Note 2: The STROBE scoring for bias risk: a score between 0 and 7 is low-quality, a score between 8 and 14 is medium-quality, and a score of 15 and above is high-quality.
Abbreviations: DSM = Diagnostic and Statistical Manual of Mental Disorders, ICD = International Classification of Diseases, PID-5 = Personality Inventory for DSM-5, PID-5-BF = Personality Inventory for DSM-5-Brief Form, EFA = exploratory factor analysis, CFA = confirmatory factor analysis, ESEM = exploratory structural equation modeling, RMSEA = root mean square error of approximation, CFI = comparative fit index, TLI = Tucker-Lewis index, NFI = Normed Fit Index, NNFI = Non Normed Fit Index, CS = cross-sectional, CC = case-control
Table 2 shows the pooled estimates of factor loadings for the PID-5 to measure the DSM-5 model. As can be seen, all facets exhibited weak to moderate loadings on at least one factor. These factors include negative affectivity (9 facets: anxiousness, depressivity, separation insecurity, distractibility, submissiveness, emotional liability, perseveration, impulsivity, and suspiciousness; all loadings ranging from 0.29 to 0.68), detachment (4 facets: withdrawal, restricted affectivity, intimacy avoidance, and anhedonia; all loadings ranging from 0.47 to 0.63), antagonism (7 facets: manipulativeness, grandiosity, attention seeking, deceitfulness, callousness, hostility, and rigid perfectionism; all loadings ranging from 0.22 to 0.50), disinhibition (1 facet: irresponsibility with a factor loading of 0.35), and psychoticism (4 facets: unusual beliefs and experiences, perceptual dysregulation, eccentricity, and risk-taking; all loadings ranging from 0.33 to 0.82). Some facets also moderately loaded on other factors (e.g., anhedonia and hostility on negative affectivity; impulsivity on disinhibition; and callousness on detachment).

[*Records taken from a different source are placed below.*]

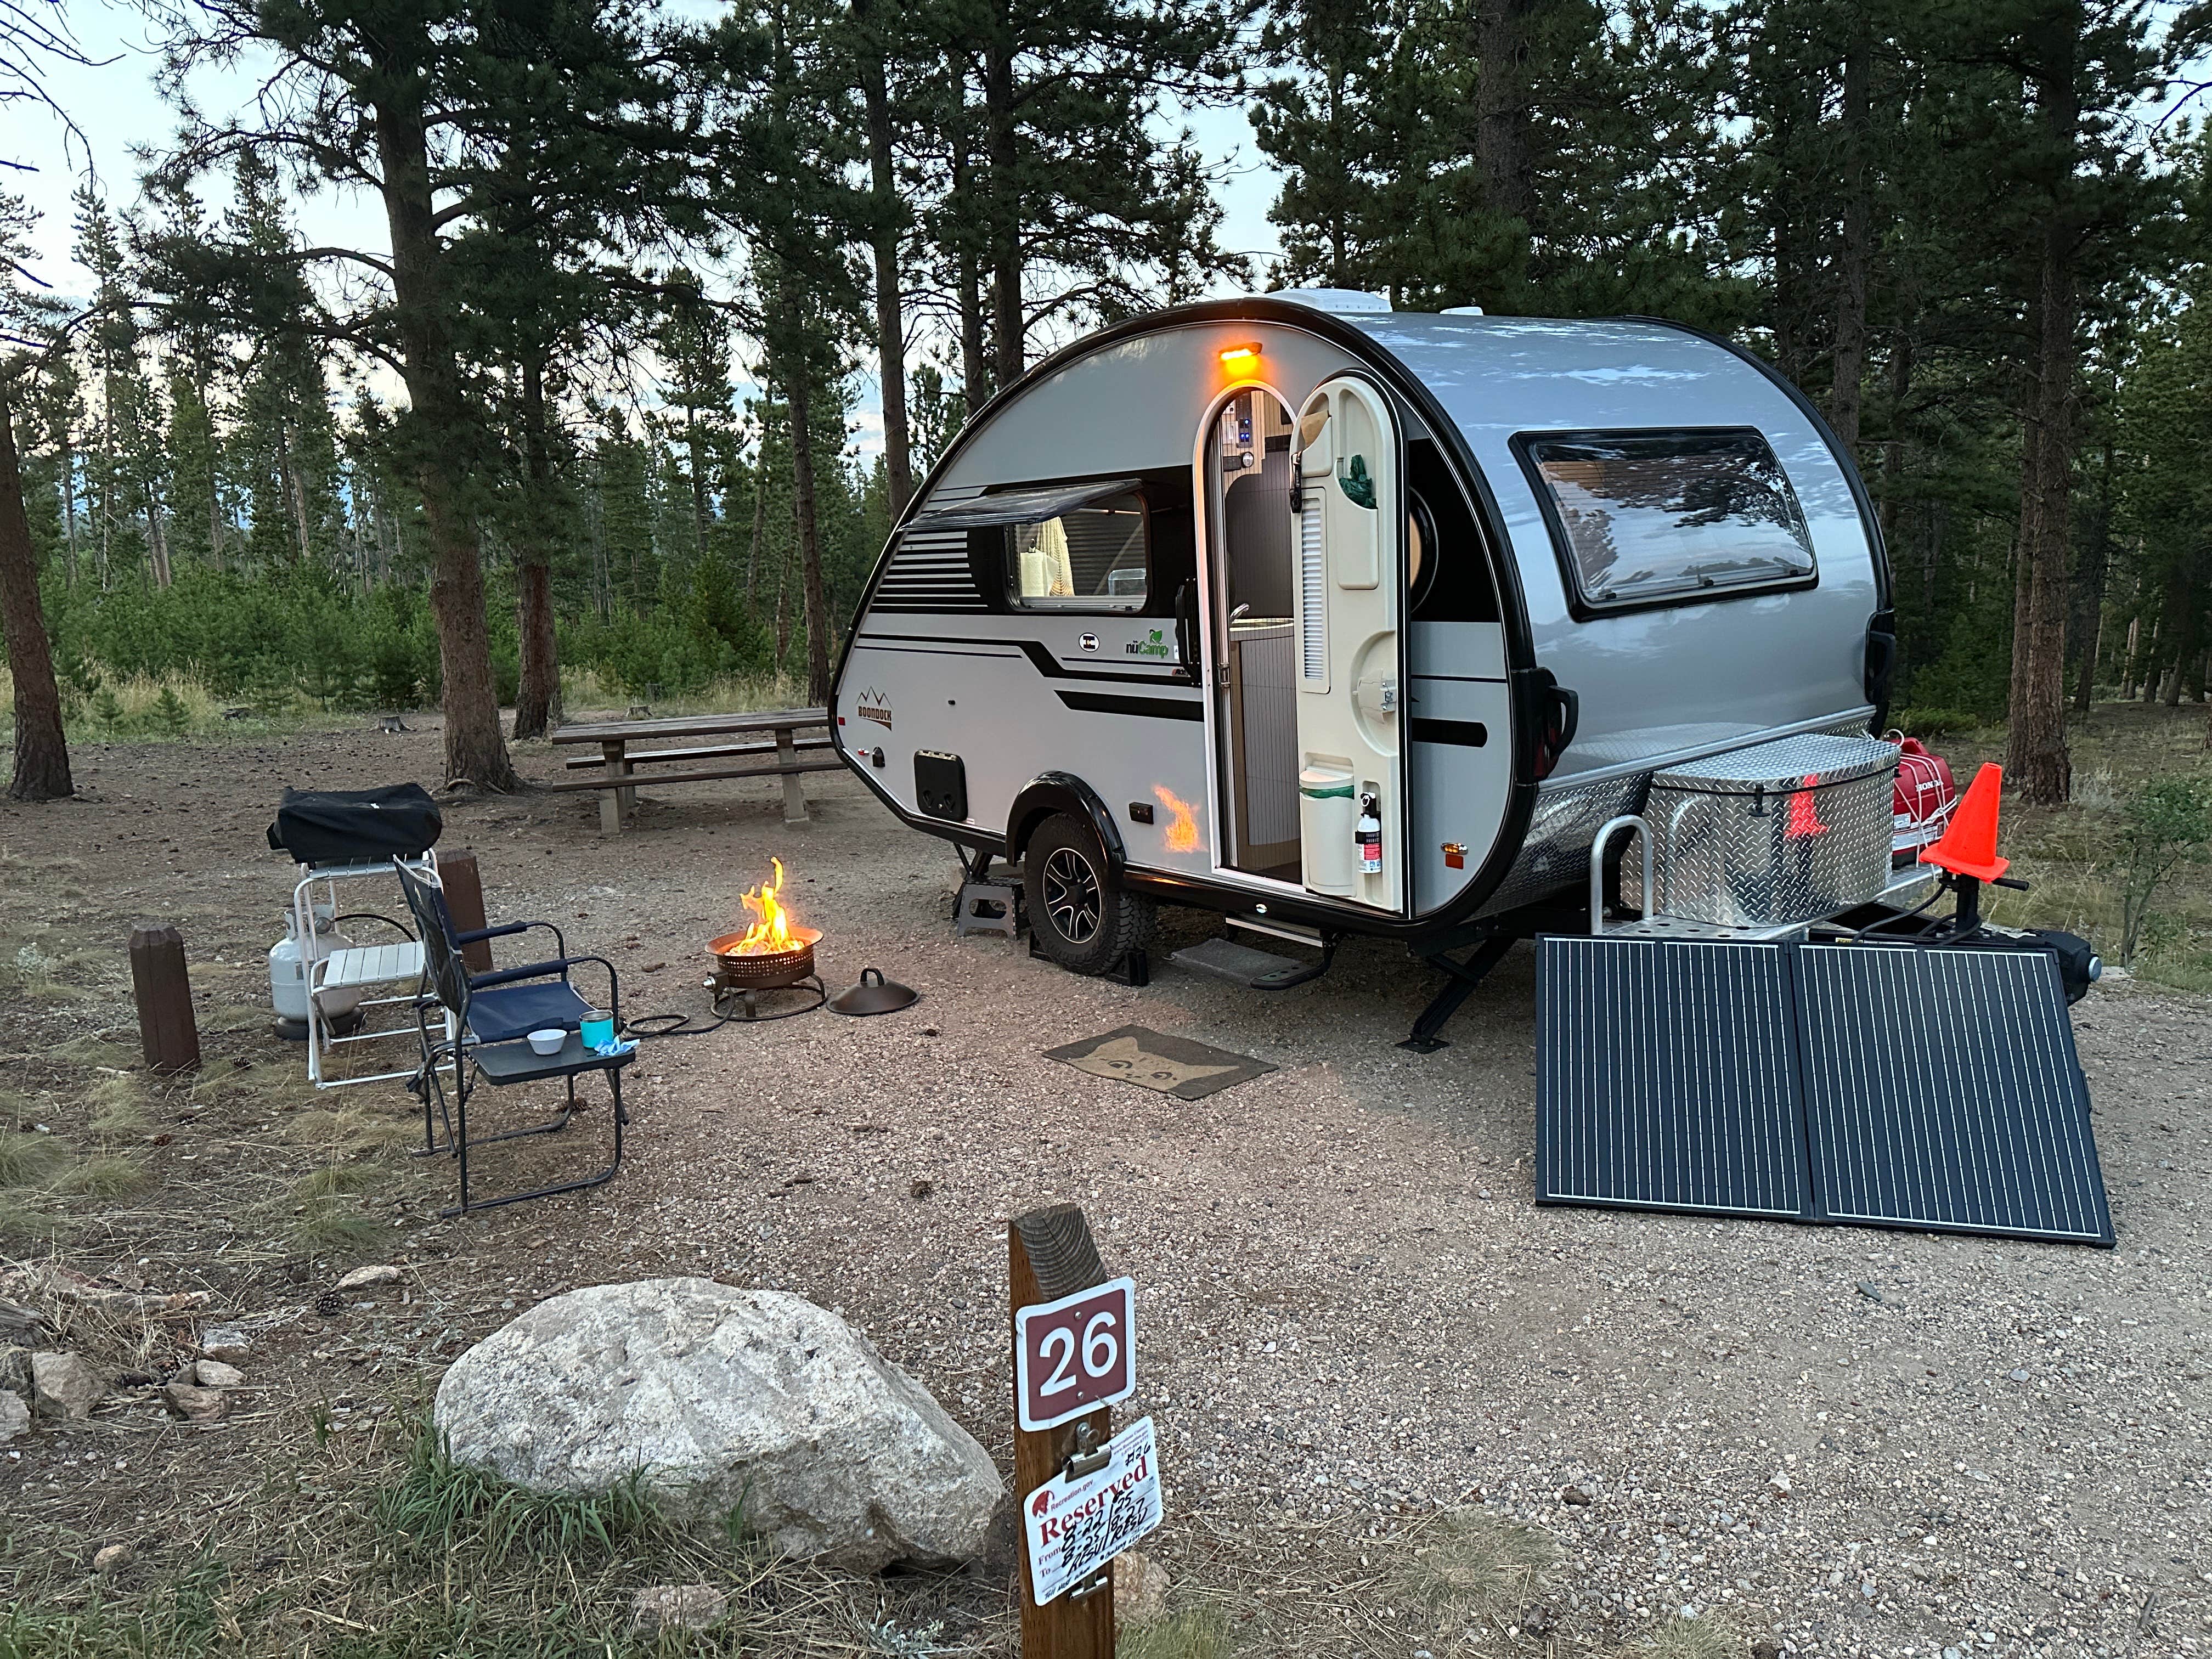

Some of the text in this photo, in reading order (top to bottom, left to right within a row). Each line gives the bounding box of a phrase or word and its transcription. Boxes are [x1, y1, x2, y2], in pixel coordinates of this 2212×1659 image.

[1126, 640, 1169, 659] nüCamp
[858, 706, 892, 721] BOONDOCK
[1039, 1311, 1118, 1397] 26
[1039, 1454, 1149, 1549] Reserved
[1050, 1479, 1093, 1511] Recreation.gov
[1037, 1546, 1062, 1566] From
[1040, 1567, 1051, 1578] To

The disinhibition facets (e.g., distractibility and impulsivity) more strongly tended to load on negative affectivity. All factors are weakly to moderately correlated, ranging from 0.25 (between disinhibition and detachment) to 0.55 (between antagonism and psychoticism). The publication bias (p ≤ 0.05 for Egger’s statistic) and heterogeneity (p ≤ 0.05 for I2) were observed for about 10% and 98% of the PID-5 factor loadings (ESs), respectively.
Table 2.
Pooled Factor Loadings and Alpha Coefficients for the PID-5: The DSM-5 Trait Model (k = 8, N = 6,489)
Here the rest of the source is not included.